E1T2
In the Philippines, we threw around acronyms. “U.S.” (You Ess) instead of the United States was common; “YM/WCA” was never The Young Men’s/Women’s Christian Association. It was simply the “Y”!
PK was “Pastor’s kid” to those of us who grew up in a parsonage, until I heard one in China litter his discourse with “pk.” He was unable to explain it fully upon inquiry. It turned out it meant like “vs,” the “point kick” when football teams settle a tie!
So I coined E1T2 for “Each One Teach Two,” a slogan in my Oral English classes that I coined from Rutgers University literacy teacher Lucille Chagnon’s book, Each of you, Teach Two. She improves on Frank Laubach’s “each one teach one” literacy method. (Google TeachTwo for a methods’ conversation.)
Most of my generation remembers C-3PO (See-three-Pee-Oh), a droid programmed for etiquette and protocol in the movie series Star Wars built by the character Jedi Anakin Skywalker to accompany astromech R2-D2. Today, G3 smartphones are in everyone’s hand.
Droids and androids are no longer foreign to many of us, Droid being a font in the smartphone OS (operating system) Android that Samsung uses to compete with the iPhone. I am a dinosaur among the techy crowd, having forsaken TV and the phone on Saipan where their use was irrelevant and a nuisance. With technology replacing human physiology, however, we can’t afford to discard knowledge of how humans “naturally” behave as many of our functions are increasingly getting automated.
I am an oldie. I still remember Harrison Ford’s swagger, Mark Hamill’s live juvenile innocence, with Carrie Fisher tugging at our testosterone in the first Star Wars, but I did not come out a sci-fi groupie. The artform, however, was appropriated by overzealous religious nuts to promote their favored metaphysical themes. We went into time travel, back to the future, or are constantly time travelling!

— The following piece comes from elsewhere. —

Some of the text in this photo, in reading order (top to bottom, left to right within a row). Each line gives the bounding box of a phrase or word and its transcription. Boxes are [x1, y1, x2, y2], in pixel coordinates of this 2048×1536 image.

The term E1T2 is handy but only for ease of memory rather than adding to the long list of shortened long names and phrases. I’ve written enough of the methodology behind TeachTwo, Imaginal Education and Training to say that nothing is esoteric about it.

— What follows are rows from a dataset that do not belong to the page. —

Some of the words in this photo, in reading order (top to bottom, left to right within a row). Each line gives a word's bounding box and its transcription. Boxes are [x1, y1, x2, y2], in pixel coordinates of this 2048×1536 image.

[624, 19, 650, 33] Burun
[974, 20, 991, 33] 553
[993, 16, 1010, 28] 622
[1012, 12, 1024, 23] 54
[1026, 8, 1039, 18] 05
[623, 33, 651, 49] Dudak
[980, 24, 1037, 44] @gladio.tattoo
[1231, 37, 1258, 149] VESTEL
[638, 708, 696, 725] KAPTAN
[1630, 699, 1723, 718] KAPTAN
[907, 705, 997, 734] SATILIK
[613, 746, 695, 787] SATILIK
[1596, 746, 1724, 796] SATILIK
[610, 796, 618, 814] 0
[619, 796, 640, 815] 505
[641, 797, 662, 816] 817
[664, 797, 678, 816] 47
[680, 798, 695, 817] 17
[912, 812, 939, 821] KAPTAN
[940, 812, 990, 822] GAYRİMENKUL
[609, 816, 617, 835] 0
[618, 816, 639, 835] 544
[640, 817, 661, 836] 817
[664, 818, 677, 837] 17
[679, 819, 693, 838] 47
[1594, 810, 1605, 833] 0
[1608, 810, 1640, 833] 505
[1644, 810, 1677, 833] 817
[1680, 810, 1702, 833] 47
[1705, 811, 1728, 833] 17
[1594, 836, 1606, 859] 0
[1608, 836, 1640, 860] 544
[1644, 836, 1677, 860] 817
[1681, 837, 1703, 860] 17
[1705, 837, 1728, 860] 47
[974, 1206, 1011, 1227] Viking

It follows the standard grasp of the way humans learn and express in words and numbers ideas and thoughts, often not naturally followed in our haste to arrive and promote “meaningful” cultural way of “knowing.” Pedagogy tends to short-circuit the process by hurrying to the cognitive level (significance) without bothering to clarify indicative and subjunctive levels. It stops at meaning (ah, but the cognition is ever rich and alluring) without pushing for the “so what?” that invites imperative action.
OK. I lost you there. Briefly, our brains iteratively start at sense experience (see, hear, smell, taste, touch), to emotional response (feelings), then intellectual ideas (thoughts and categories) resulting in behavioral pattern (acts and deeds). The English language labels moods in the indicative, subjunctive, and imperative. I include cognitive as a third one before the imperative, to differentiate emotion and intellect. Others use ORID: the objective, the reflective, the interpretive and the decisional. These four main categories are basic and indisputable, though one understands that they are about one thing regardless of their iteration in their expression, e.g. one can begin with the emotive but ensures that the experience is clear so that meaning and subsequent deeds are understood.

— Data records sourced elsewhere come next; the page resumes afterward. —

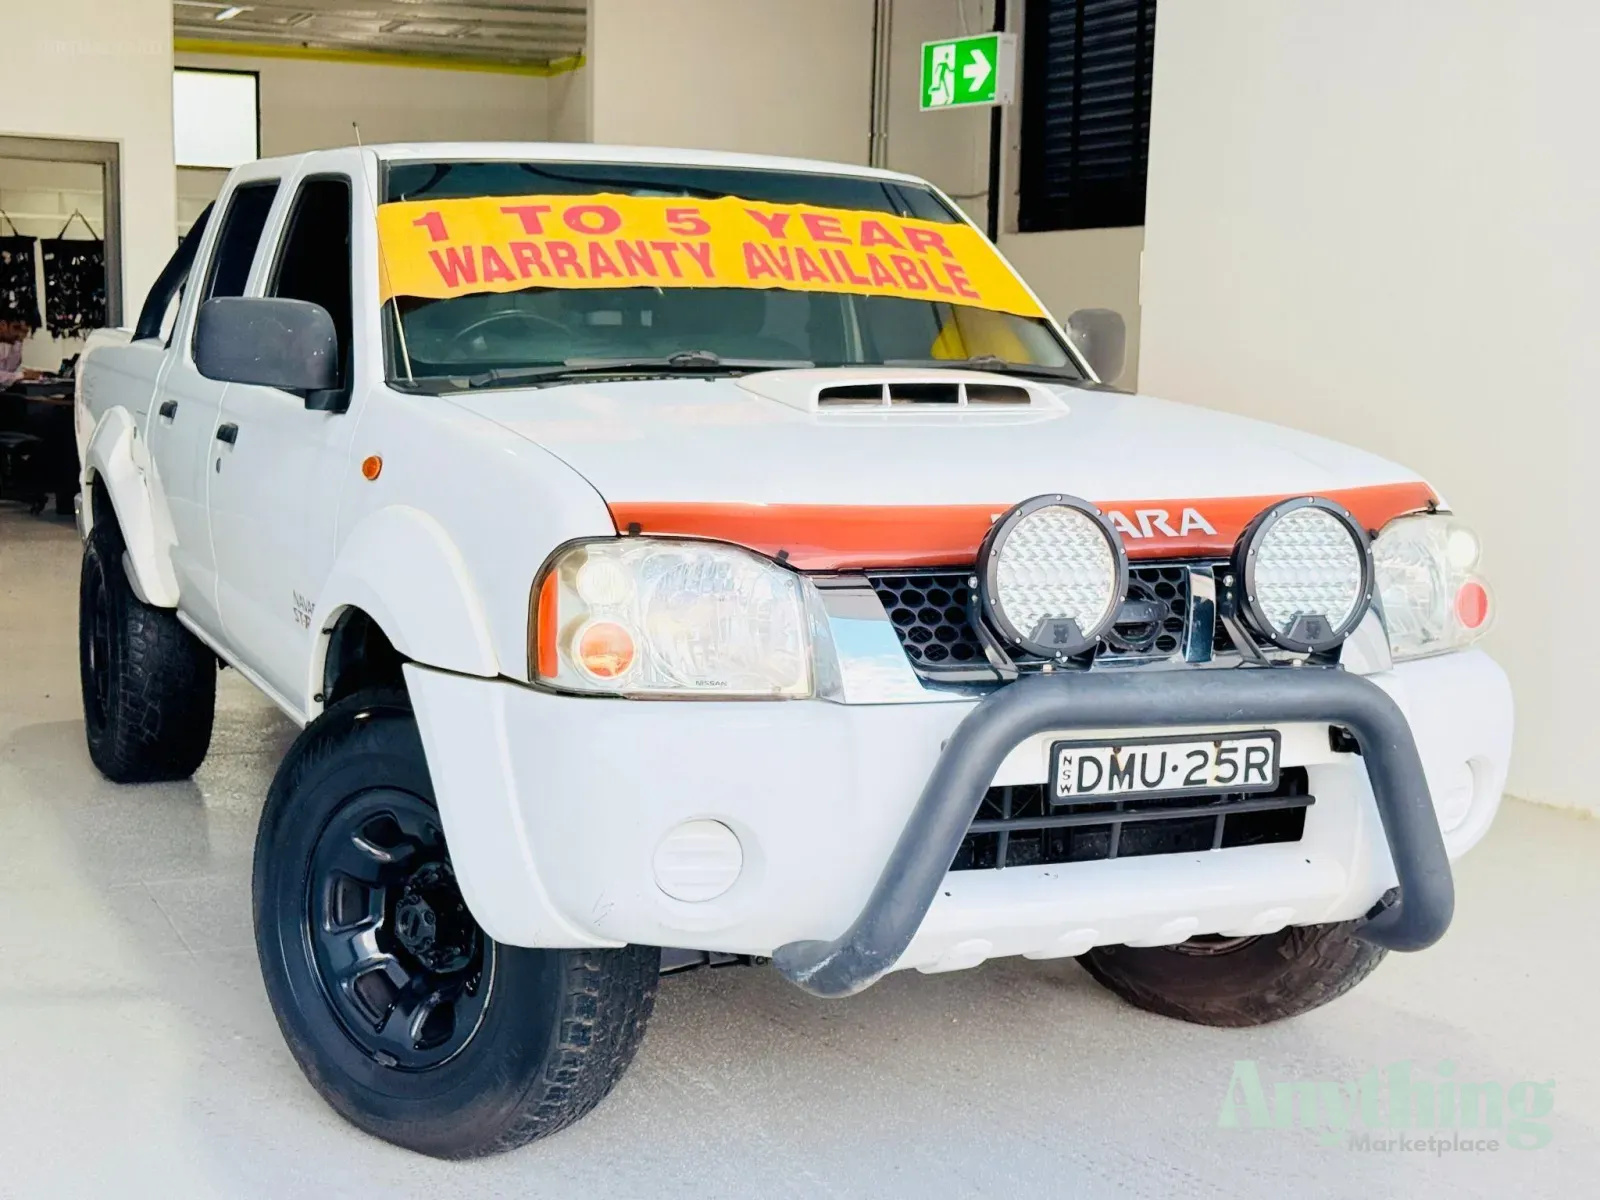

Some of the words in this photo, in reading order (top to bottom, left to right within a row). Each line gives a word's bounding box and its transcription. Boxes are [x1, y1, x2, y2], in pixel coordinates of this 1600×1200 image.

[412, 211, 447, 241] 1
[501, 206, 621, 235] TO
[667, 209, 711, 235] 5
[745, 209, 955, 257] YEAR
[428, 240, 713, 287] WARRANTY
[744, 242, 980, 298] AVAILABLE

We all share in the academic bias of listening to an expert “who knows more than we do,” and we in turn act the same to others. Expertise is measured by onionskins, selfhood on the thickness of wallet, but the truth that journeys our existence is determined by awake individual and not by passing standard tests. In fact, my pedagogical circle does not codify wisdom encrusted in time-honored categories but rather teach others to teach themselves, effectively and efficiently together.
That’s the gift of Chagnon and E1T2. The method teaches a pair or trio to be self-taught by knowing how one learns, getting one to be aware of it, and have the confidence to employ it. “Self-consciousness” and the skill of “consciousness of consciousness” are the fancy names but we will stick with “learning how to learn” and “knowing what we know.”
For two hours on Monday and Thursday evenings, I converse with those who wish to finesse their oral English around the Ocean View room of the Bass Bar in my neighborhood. Our talk is heavy on “listen and repeat.” I ask them to mimic an English song they like and get them to echo the singer’s pronunciation and not worry about meaning. We ground them at the five-sense experience level.
I meet administrative personnel at the “One Capitol” Hui Land Corporation (owned by Jardine of Hong Kong so staff welcomes English tutorials) on Saturday afternoons to do the same.
I dream methods and enjoin others in the dreaming. Achievement is in the actual doing. E1T2 is easy. Try it, you’ll like it.